▸ REQUIREMENT
Only the text belongs in the copy. Transcribe the data exactly and drop any pictures.

Dataset entries
+-------+

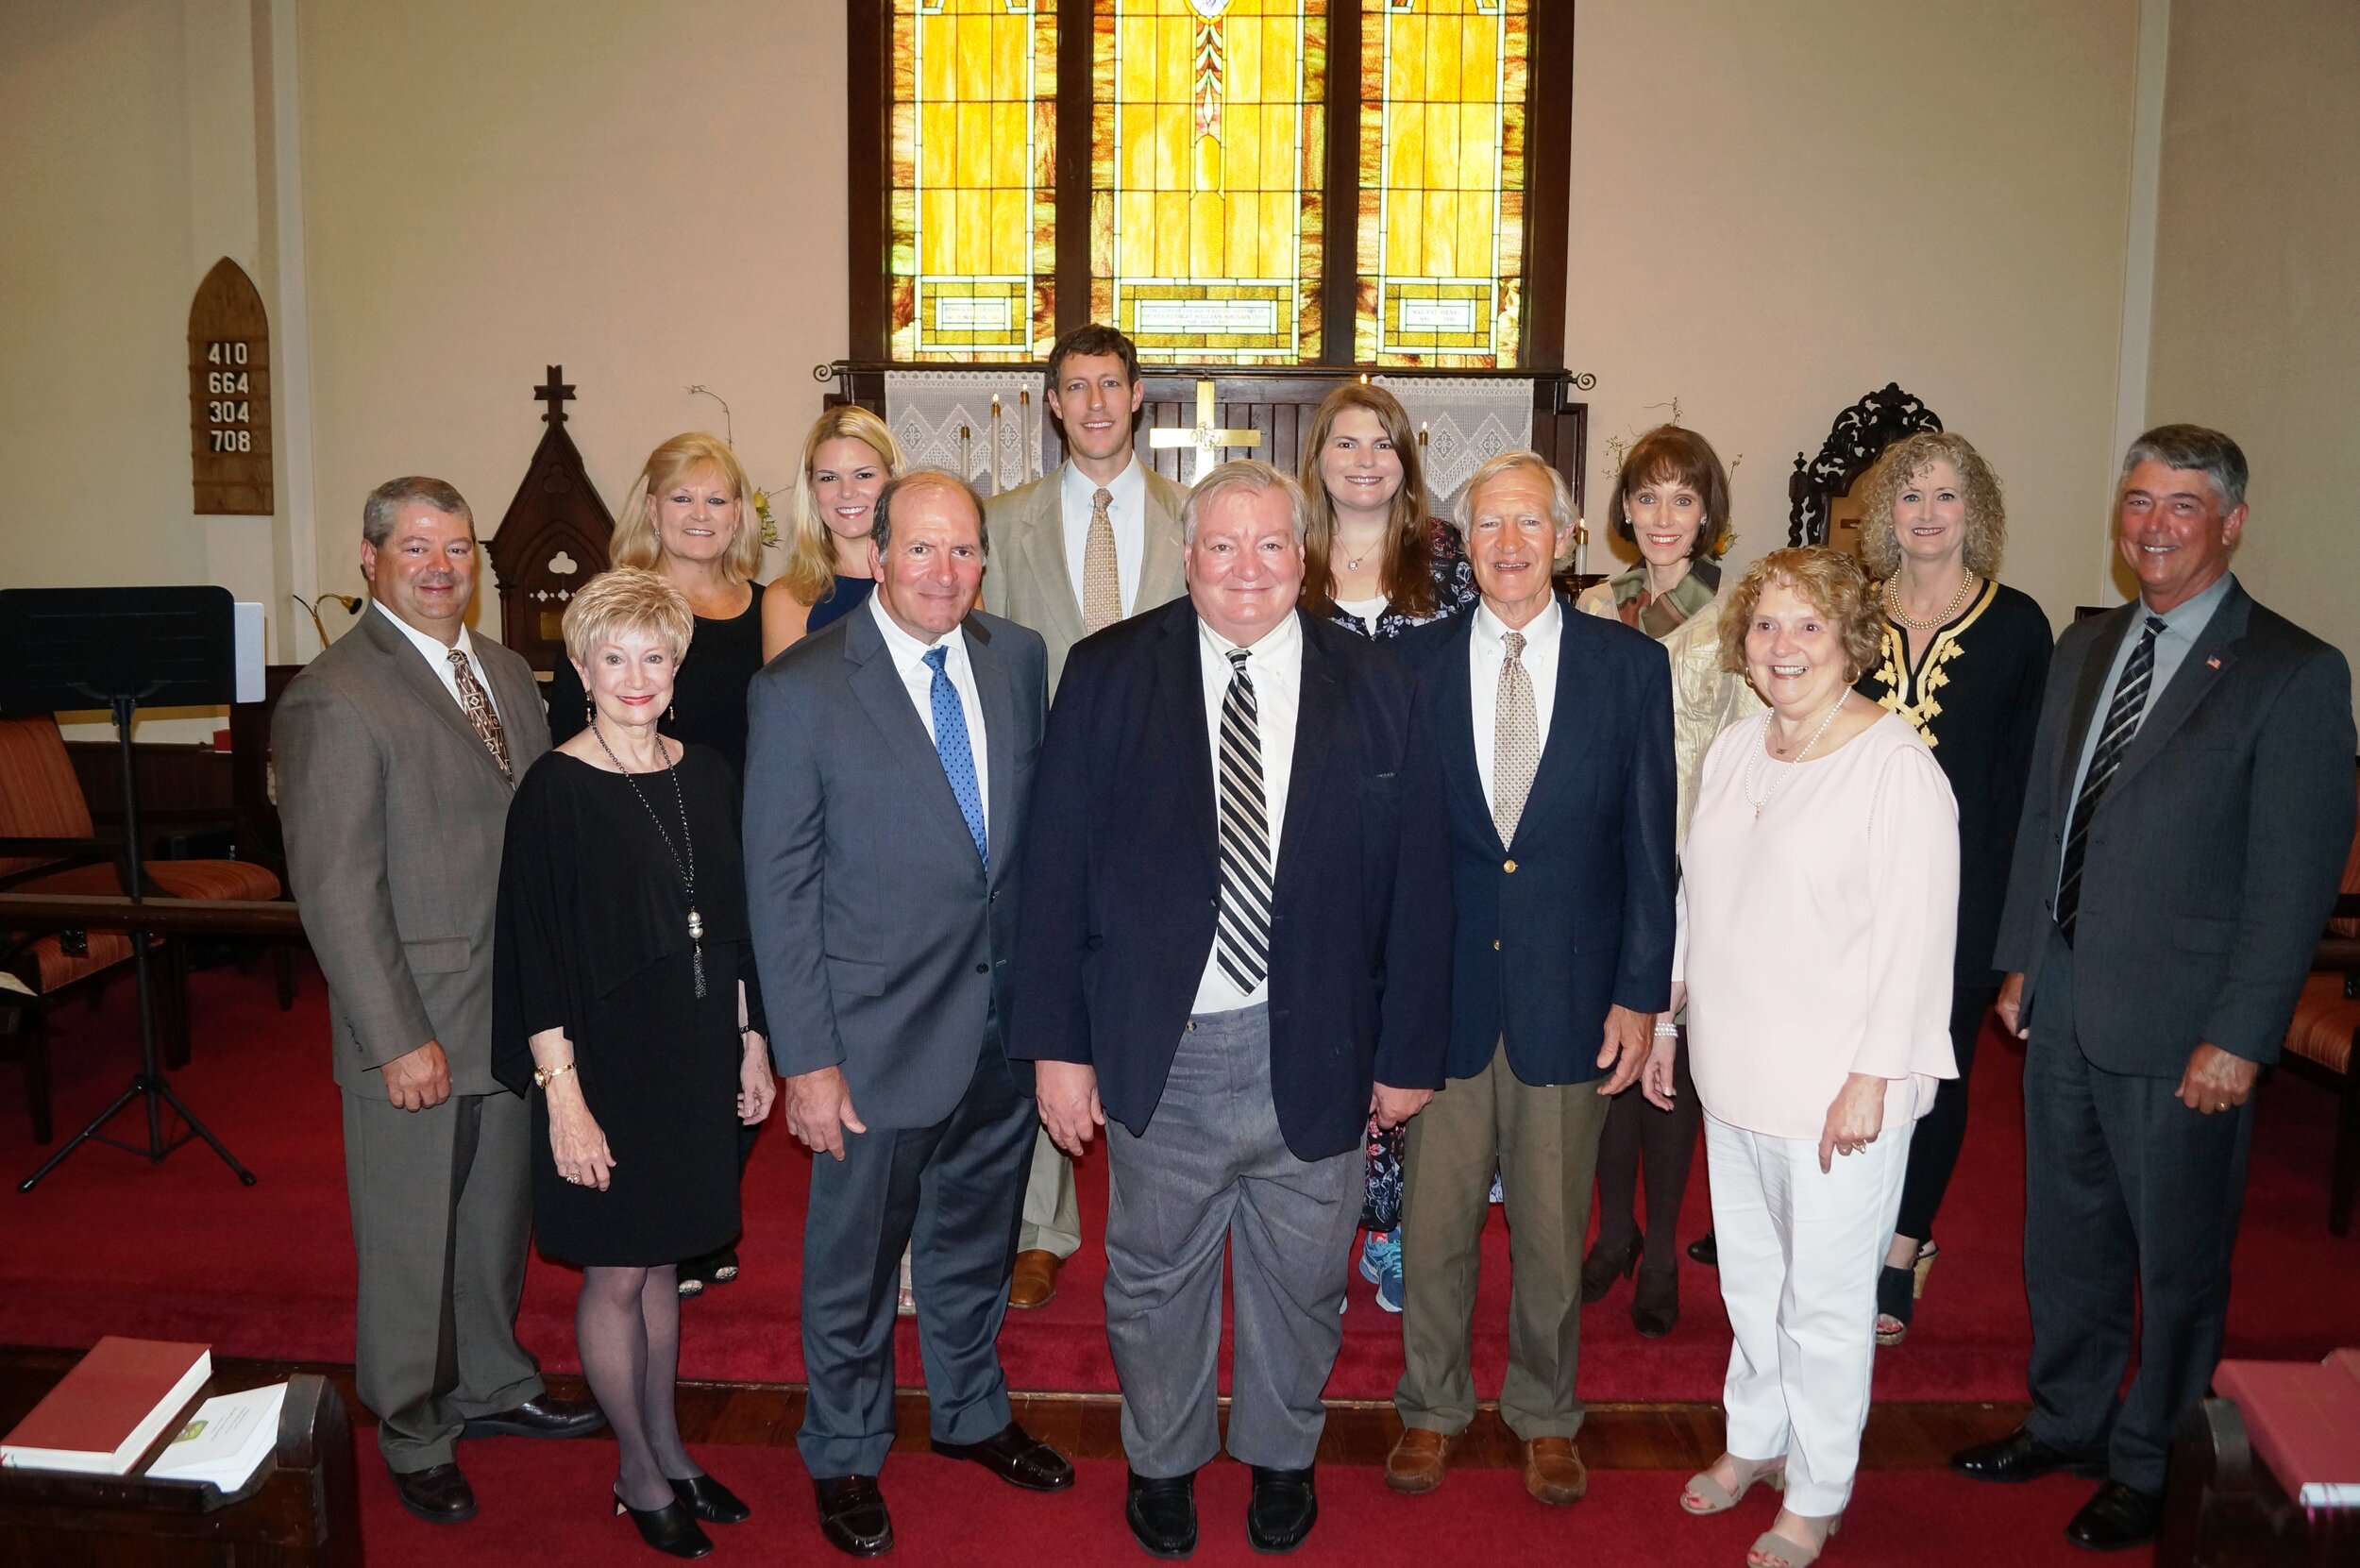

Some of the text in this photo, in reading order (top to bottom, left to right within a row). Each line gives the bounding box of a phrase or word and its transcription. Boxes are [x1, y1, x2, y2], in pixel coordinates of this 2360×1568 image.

[209, 343, 247, 364] 410
[209, 372, 249, 394] 664
[210, 401, 249, 423] 304
[211, 430, 251, 452] 708
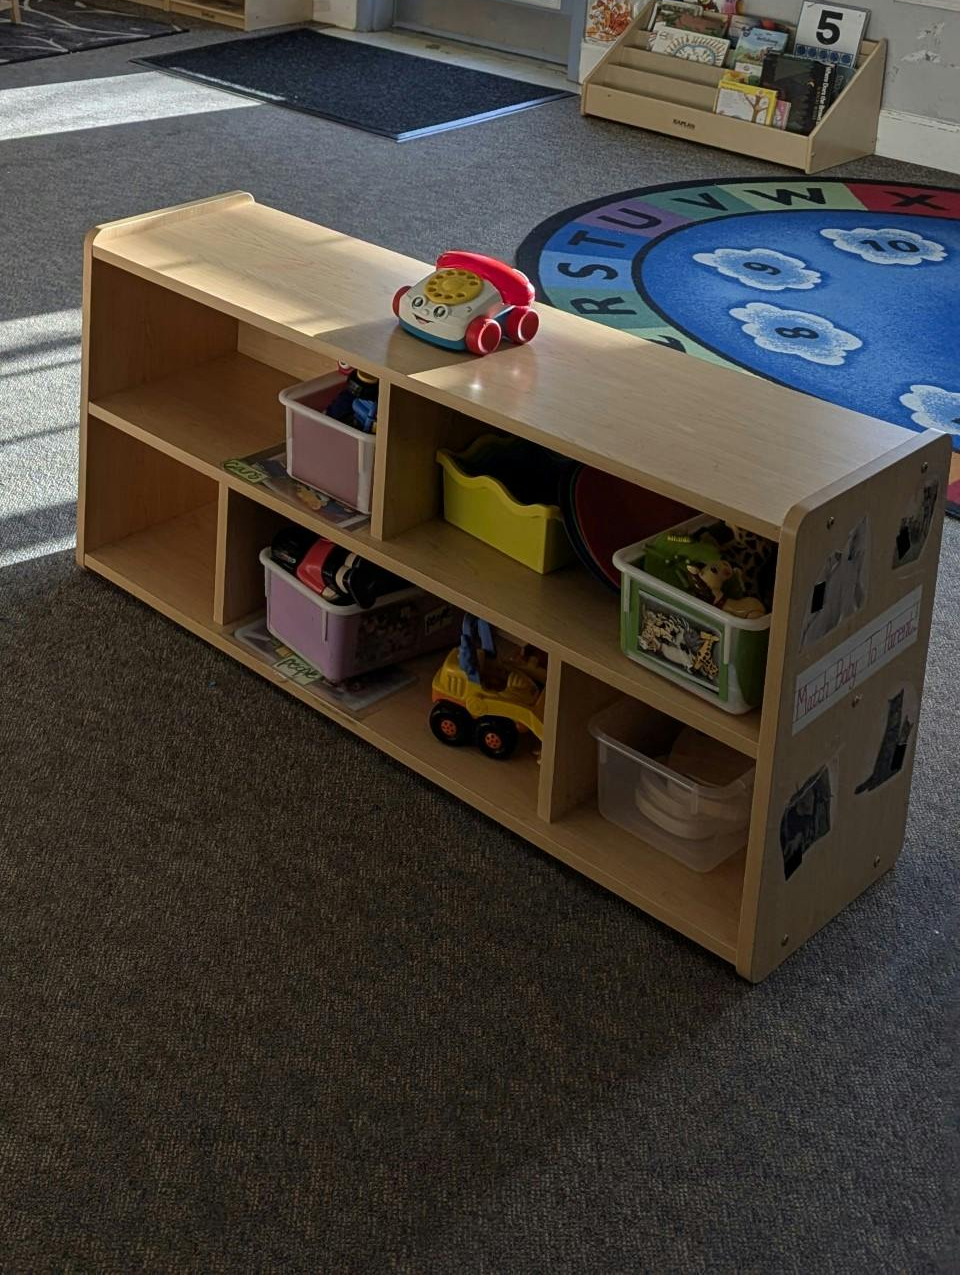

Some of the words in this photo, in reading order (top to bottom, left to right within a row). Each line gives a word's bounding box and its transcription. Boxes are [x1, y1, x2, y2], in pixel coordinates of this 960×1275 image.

[815, 9, 844, 46] 5
[671, 191, 730, 213] V
[743, 186, 828, 207] W
[884, 189, 949, 213] X
[596, 206, 663, 230] U
[568, 229, 626, 249] T
[860, 238, 921, 254] 10
[557, 261, 620, 281] S
[743, 261, 782, 277] 9
[570, 295, 637, 316] R
[774, 325, 821, 341] 8
[276, 658, 321, 680] people
[796, 669, 830, 720] Match
[834, 657, 858, 691] Baby
[867, 635, 878, 667] To

+-------+

▸ RESULT
Some of the text in this photo, in reading order (top to bottom, left to right within a row). Each line gives the bounding box of a phrase or word and its transcription. Boxes are [x1, y1, x2, y2], in pixel coordinates of this 2360×1568 image.

[209, 343, 247, 364] 410
[209, 372, 249, 394] 664
[210, 401, 249, 423] 304
[211, 430, 251, 452] 708

Some of the words in this photo, in reading order (top to bottom, left to right within a row). Each line gives a word's bounding box and its transcription. Boxes are [x1, y1, x2, y2], in pixel coordinates of this 960×1275 image.

[815, 9, 844, 46] 5
[671, 191, 730, 213] V
[743, 186, 828, 207] W
[884, 189, 949, 213] X
[596, 206, 663, 230] U
[568, 229, 626, 249] T
[860, 238, 921, 254] 10
[557, 261, 620, 281] S
[743, 261, 782, 277] 9
[570, 295, 637, 316] R
[774, 325, 821, 341] 8
[276, 658, 321, 680] people
[796, 669, 830, 720] Match
[834, 657, 858, 691] Baby
[867, 635, 878, 667] To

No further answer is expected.